For two months the dreams just wouldn’t stop. The images were foreign, the sequences disturbing, the content anxious. Pedaling a three-wheeled cab through unfamiliar streets in Ireland, passing buildings painted in vivid shades of blue, green, and orange. Sneaking into and out of a mental hospital in Louisiana with my friend Brigid to escape an evil sheriff. Wading through a swamp filled with dying animals calling to me for help I could not give.
Brigid had died several weeks prior to the onset of these vivid, heavy dreams. It took me weeks to realize the images belonged not to me, but to Brigid. One night her presence was so real, so sad, so confused that both my partner and I woke in the middle of the night from the heaviness and oppressive quality her suffering mind carried. I saw her clearly that night – red hair flowing as if she was under water, crying in confusion and fear. I did the only thing I could think to do at the moment. I used Reiki to create a safe bubble for her, inviting her to get in and rest. I remember her lying there in her temporary safe zone, her face finally relaxing as I gifted her Reiki energy.
Brigid haunted my nights, not out of maliciousness, but perhaps hoping I could see her, hear her, and give her some grounding. She was reaching out to me for help, but her loss had left me weak with grief. And just as in the dreams she poured into my sleeping hours, I could do little to help.
It took the assistance of my friend Barbara, a serious energy ninja, before I found help for Brigid. Barbara saw how fatigued I was. She sat me down and put her hands on my head as I closed my eyes. In my mind, I saw a dimly lit room in which Brigid was facing me, her eyes locked with mine. After what seemed to be only a few moments, a tall door opened behind Brigid. I saw what looked like highway yellow beyond the opening. She turned toward it and with a bright flash of light she was gone.
The oppressive heaviness I’d felt on my shoulders, in my head, and in my chest for so many weeks lifted immediately. I cried with relief as I called my wife to say that she was gone, crossed over, and hopefully at peace. When asked for details, all I could do was cry with joy and say, “Barbara called her a cab.” I had no idea why I phrased it this way.
Some months later I was at an unseasonably cool fall gathering. It would have been Brigid’s 57th birthday in a few days. I saw Brigid’s daughter, who had been by her side through her illness. Knowing about my ability to talk with those who have crossed over, she asked if I had seen her mother. When I said yes, she wanted to know everything I’d experienced. I was reluctant to tell her until she reminded me that she was there through it all, witness to both her mother’s physical deterioration and the fears her hallucinations had bred.
So I told her. I told her about the disturbing images and fragmented dreams. I told her about the night Brigid’s presence was so vivid. I told her about the visions of carrying her mother’s nearly weightless skin-and-bones body, blood leaking out of every orifice as she begged me for help I was powerless to render. And I told her about Barbara, the flash of yellow, and “calling the cab.”

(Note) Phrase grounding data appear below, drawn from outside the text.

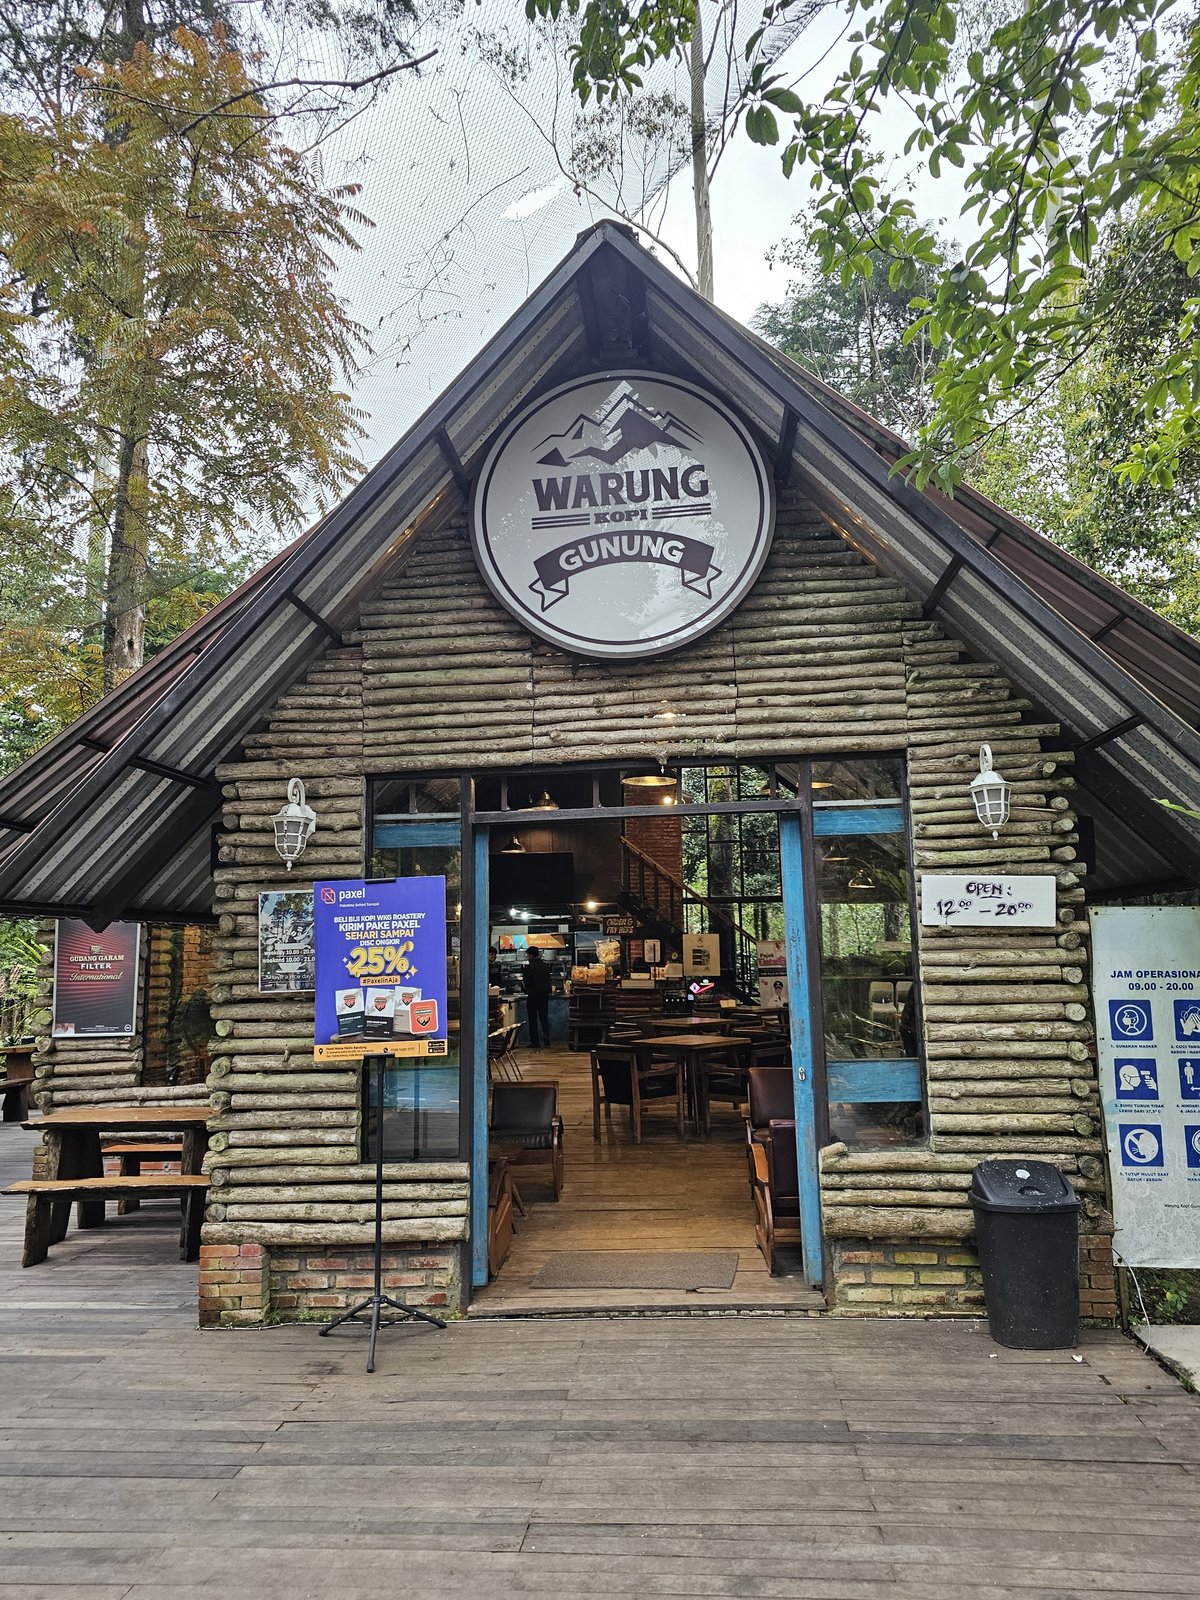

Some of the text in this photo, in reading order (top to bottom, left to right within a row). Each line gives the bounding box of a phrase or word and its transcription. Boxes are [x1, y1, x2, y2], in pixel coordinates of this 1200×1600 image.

[532, 464, 710, 512] WARUNG
[594, 510, 648, 524] KOPI
[558, 535, 686, 572] GUNUNG
[339, 888, 365, 902] paxel
[339, 920, 420, 932] KIRIM PAKE PAXEL
[345, 929, 414, 940] SEHARI SAMPAI
[350, 946, 409, 976] 25%
[69, 972, 124, 981] International

She was quiet for a moment. Then she softly confirmed the dreams as reflective of her mother’s visions and declining health. After another quiet moment she asked, “Did you know my uncle was a cab driver?” I hadn’t. Brigid and her brother were extremely close. I knew she had mourned him deeply when he died. And I now knew that she had gone with him when he came to pick her up.
When someone dies while not fully connected to what we would consider “reality” (i.e., people in comas, those who are suffering from dementia, people who are hallucinating), there is the possibility that they are not aware that they have died. My friend needed help understanding what had happened to her. When Barbara was able to reach through the fog, to tell Brigid what had happened, and to offer her a way past the twilight awareness and confusion, she accepted it.

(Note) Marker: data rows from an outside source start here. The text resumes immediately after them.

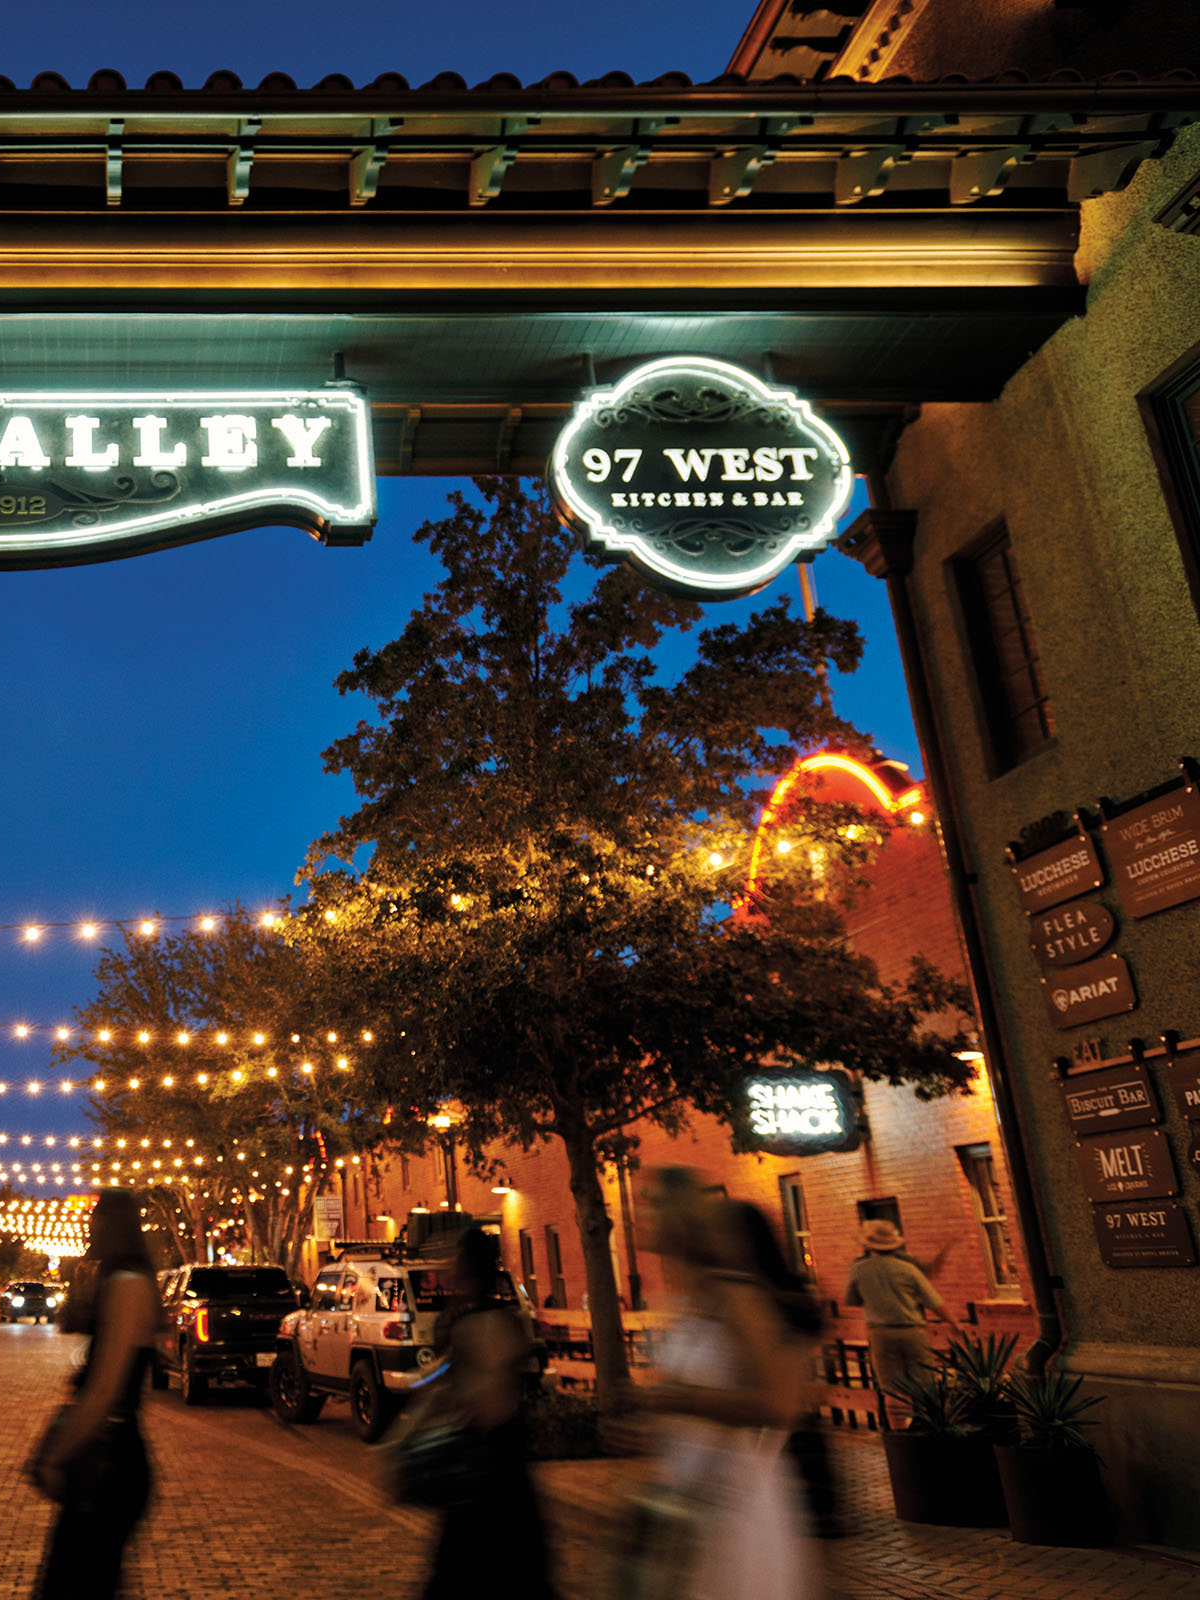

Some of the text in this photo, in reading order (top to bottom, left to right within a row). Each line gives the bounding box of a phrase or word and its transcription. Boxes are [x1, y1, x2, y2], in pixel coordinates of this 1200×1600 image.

[582, 446, 819, 483] 97 WEST
[611, 492, 805, 507] KITCHEN & BAR
[1120, 819, 1151, 841] WIDE
[1152, 804, 1184, 828] BRIM
[1019, 850, 1091, 893] LUCCHESE
[1126, 839, 1199, 879] LUCCHESE
[1043, 910, 1088, 935] FLEA
[1045, 926, 1100, 958] STYLE
[1069, 976, 1118, 1005] ARIAT
[1071, 1037, 1102, 1065] EAT
[748, 1083, 838, 1109] SHAKE
[750, 1108, 843, 1135] SHACK
[1100, 1145, 1145, 1179] MELT
[1105, 1211, 1166, 1229] 97 WEST

I think Brigid would have eventually found her way, as most ‘earth bound’ spirits do, though their concept of time is very different from ours and so it might seem to us that it takes a long time to progress. We can still, however, render assistance from this side of the energetic fence to ease the pain and suffering for those we have lost.
Many shamanic practitioners offer what is called psychopomp work. A psychopomp enters the shamanic state, calling on helper spirits to seek for the spirits of those who have died. If the person is found, we ask the person/spirit if they are comfortable where they are and if they would like help progressing forward. Guardian and helping spirits are always available and eager to help when called upon. If the individual wants to stay where they are for the time being, we will remind them that when they are ready, they can always call for help and help will come.
If you want to check up on someone you care about, contact a shamanic practitioner or rescue medium that is trained in working with those who have transitioned past this physical life. This work can be done either with a local practitioner or remotely, giving those who do not have a shamanic practitioner in their area the ability to offer help to those they love.